Thank you for your attention!

retrieval performance evaluation "Recall" and "Precision" are two classic measures to measure the performance of information retrieval in a single query. Both assume that there is an answer set of documents that contain the answer to the query. Performance is optimal if –the database returns all the documents in the answer set –the database returns only documents in the answer set Recall is the fraction of the relevant documents that the query result has captured.
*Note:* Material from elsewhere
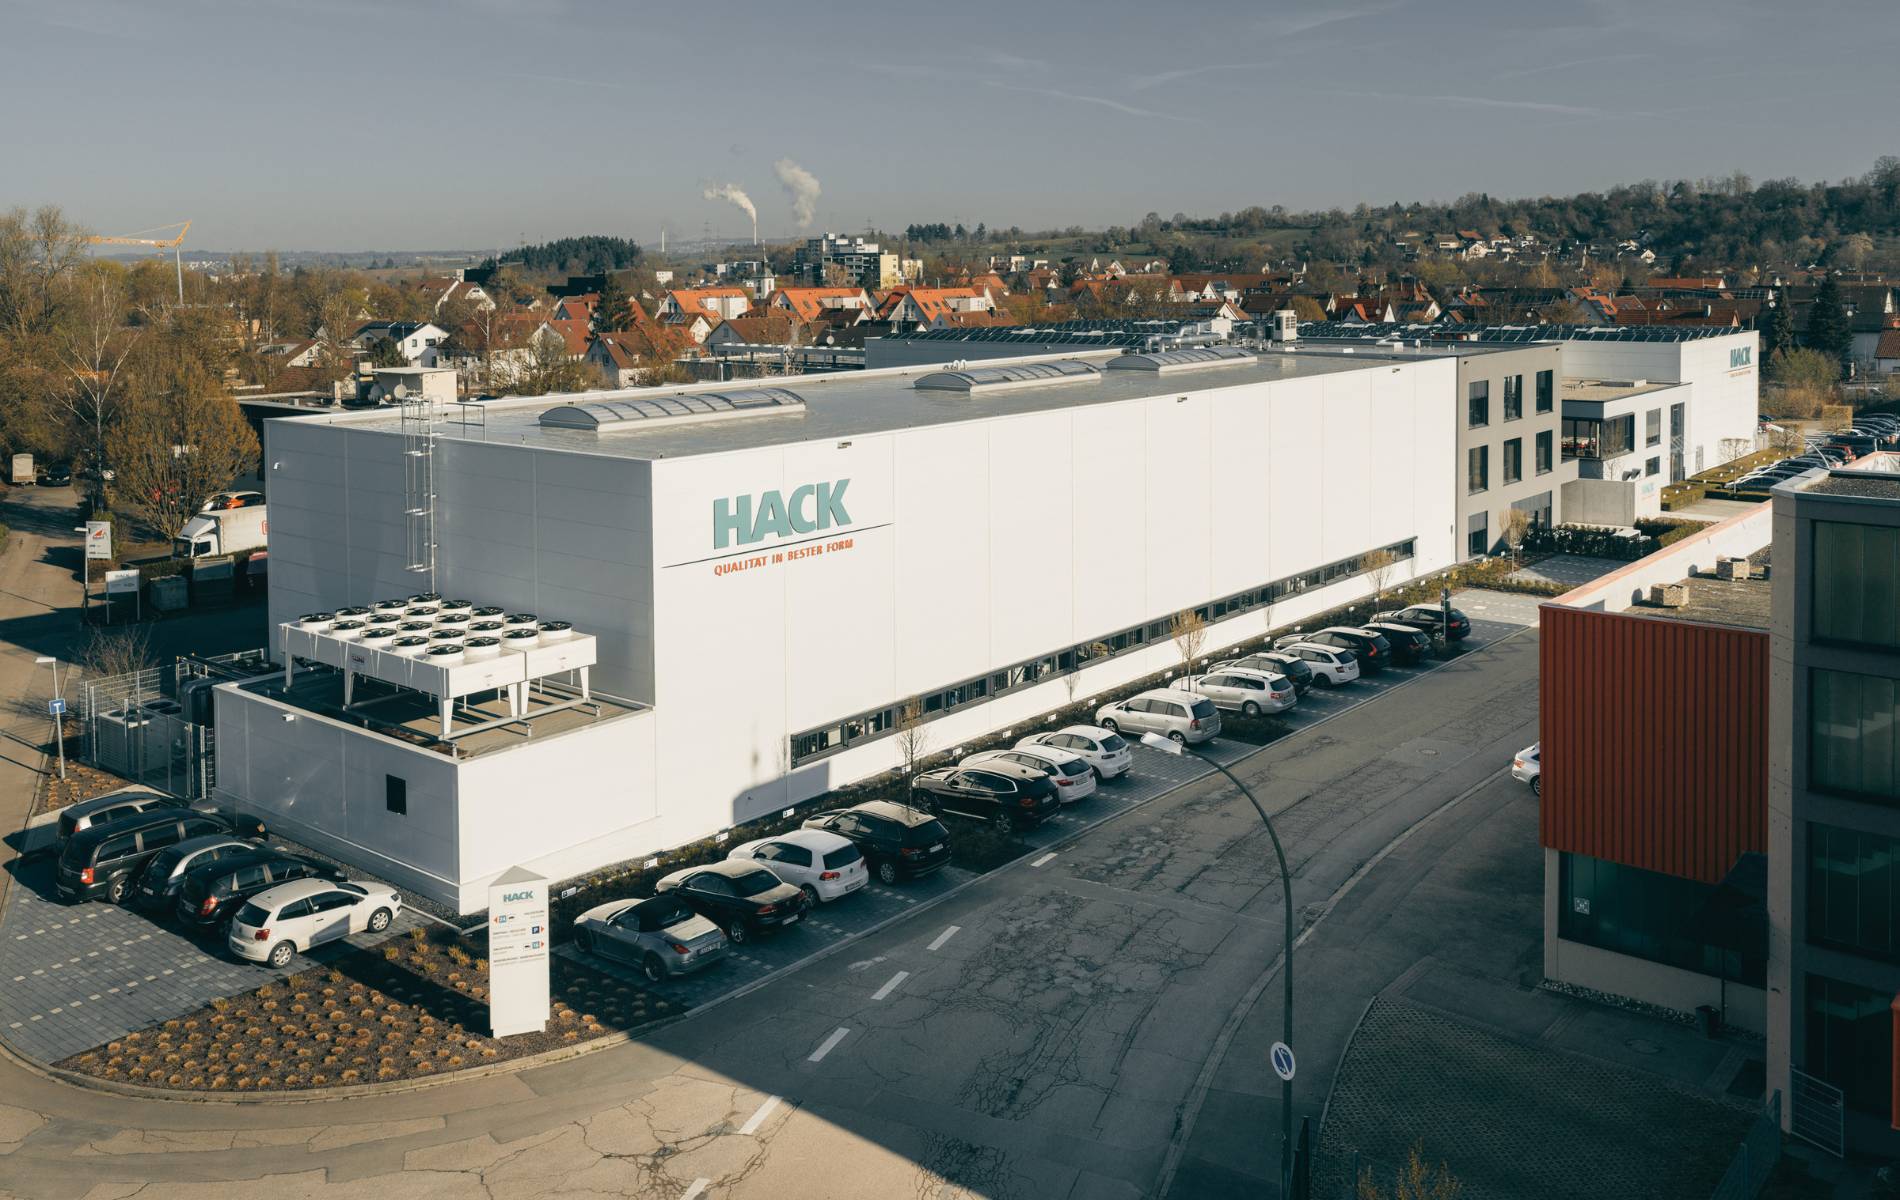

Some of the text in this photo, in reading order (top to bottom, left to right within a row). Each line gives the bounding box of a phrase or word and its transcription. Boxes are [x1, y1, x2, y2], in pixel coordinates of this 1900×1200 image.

Precision is the fraction of the retrieved documents that is relevant.

recall and precision curves Assume that all the retrieved documents arrive at once and are being examined. During that process, the user discover more and more relevant documents. Recall increases. During the same process, at least eventually, there will be less and less useful document. Precision declines (usually). This can be represented as a curve.

Example Let the answer set be {0,1,2,3,4,5,6,7,8,9} and non-relevant documents represented by letters. A query reveals the following result: 7,a,3,b,c,9,n,j,l,5,r,o,s,e,4. For the first document, (recall, precision) is (10%,100%), for the third, (20%,66%), for the sixth (30%,50%), for the tenth (40%,40%) etc.

recall/precision curves Such curves can be formed for each query. An average curve, for each recall level, can be calculated for several queries. Recall and precision levels can also be used to calculate two single-valued summaries. –average precision at seen document –R-precision

average precision at seen document To find it, sum all the precision level for each new relevant document discovered by the user and divide by the total number of relevant documents for the query. In our example, it is 0.57 This measure favors retrieval methods that get the relevant documents to the top.

R-precision a more ad-hoc measure. Let R be the size of the answer set. Take the first R results of the query. Find the number of relevant documents Divide by R. In our example, the R-precision is.4. An average can be calculated for a number of queries.

critique of recall & precision Recall has to be estimated by an expert Recall is very difficult to estimate in a large collection They focus on one query only. No serious user works like this. There are some other measures, but that is more for an advanced course in IR.